A new criminal justice reform bill was introduced in the House Thursday, an important development in the quickly growing criminal justice reform discussion.
Republican House Judiciary Chairman Bob Goodlatte and Democrat John Conyers announced the criminal justice reform bill Thursday that cuts many mandatory minimums, including for low-level drug offenders.
The bill is a companion bill to the promising criminal justice reform bill introduced in the Senate. The bills are similar and both prioritize reducing mandatory minimums for nonviolent drug offenses.
Under both bills, the mandatory life sentence under the “three strikes” rule would be reduced to 25 years.
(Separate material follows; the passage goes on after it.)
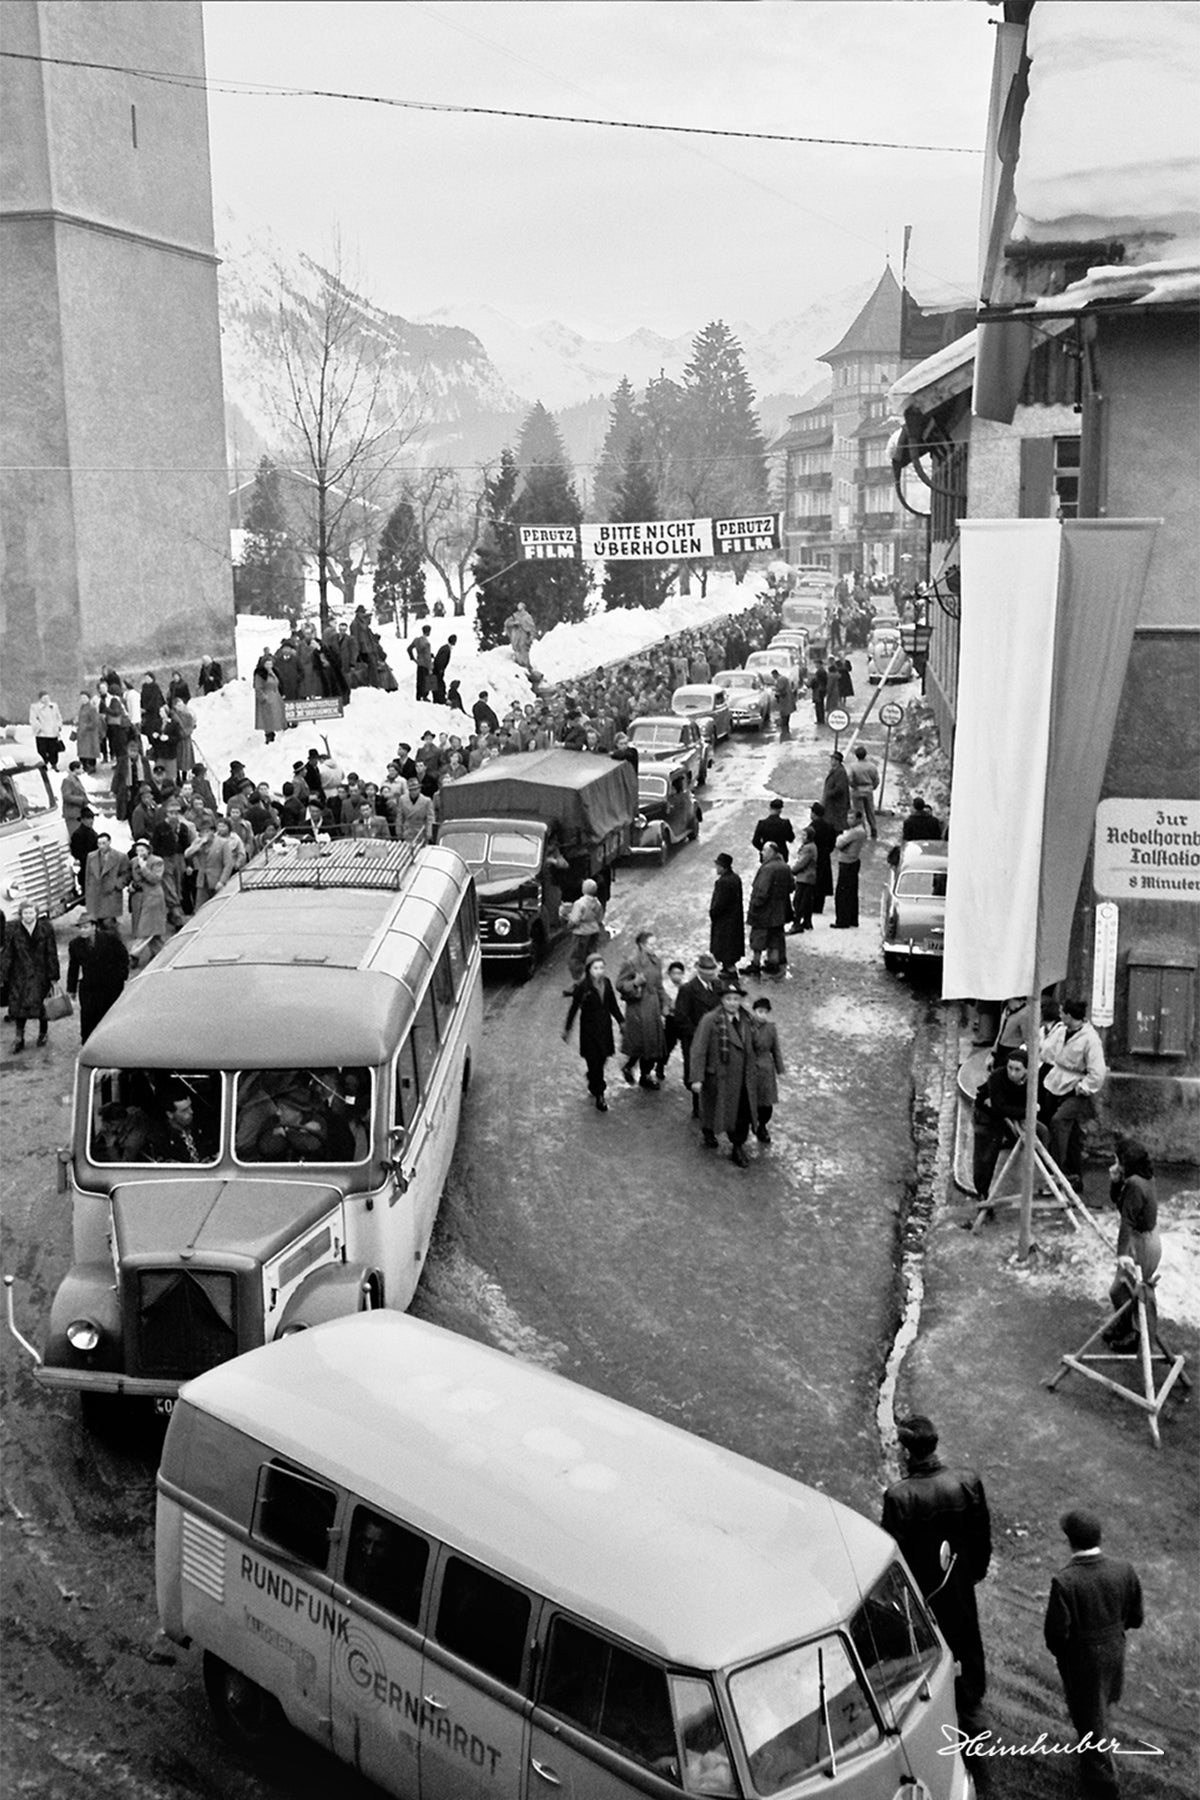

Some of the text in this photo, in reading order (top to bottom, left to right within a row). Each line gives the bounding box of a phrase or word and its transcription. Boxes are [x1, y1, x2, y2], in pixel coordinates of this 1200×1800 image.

“We have been working for months to identify solutions on issues such as over-criminalization, sentencing reform, prison and reentry reform, improved criminal procedures and policing strategies, and civil asset forfeiture reform,” Goodlatte said in a statement.
Some of the issues mentioned there, such as civil asset forfeiture, are expected to be introduced in future bills in the coming months. A Goodlatte aide told The Daily Caller News Foundation his office is working on several bills to address different criminal justice reforms.
In the House bill some of the mandatory minimum reductions would apply retroactively to inmates, shortening their sentences. The House bill also increases penalties for trafficking Fentanyl, a powerful and increasingly popular drug.
“We really are at a zenith of momentum for criminal justice reform,” Holly Harris, executive director of the reform-seeking U.S. Justice Action Network, said in a statement. “In one remarkable week, leaders on both sides of the aisle in both chambers have presented significant sentencing reforms that can safely reduce the federal prison population and astronomical costs to taxpayers.”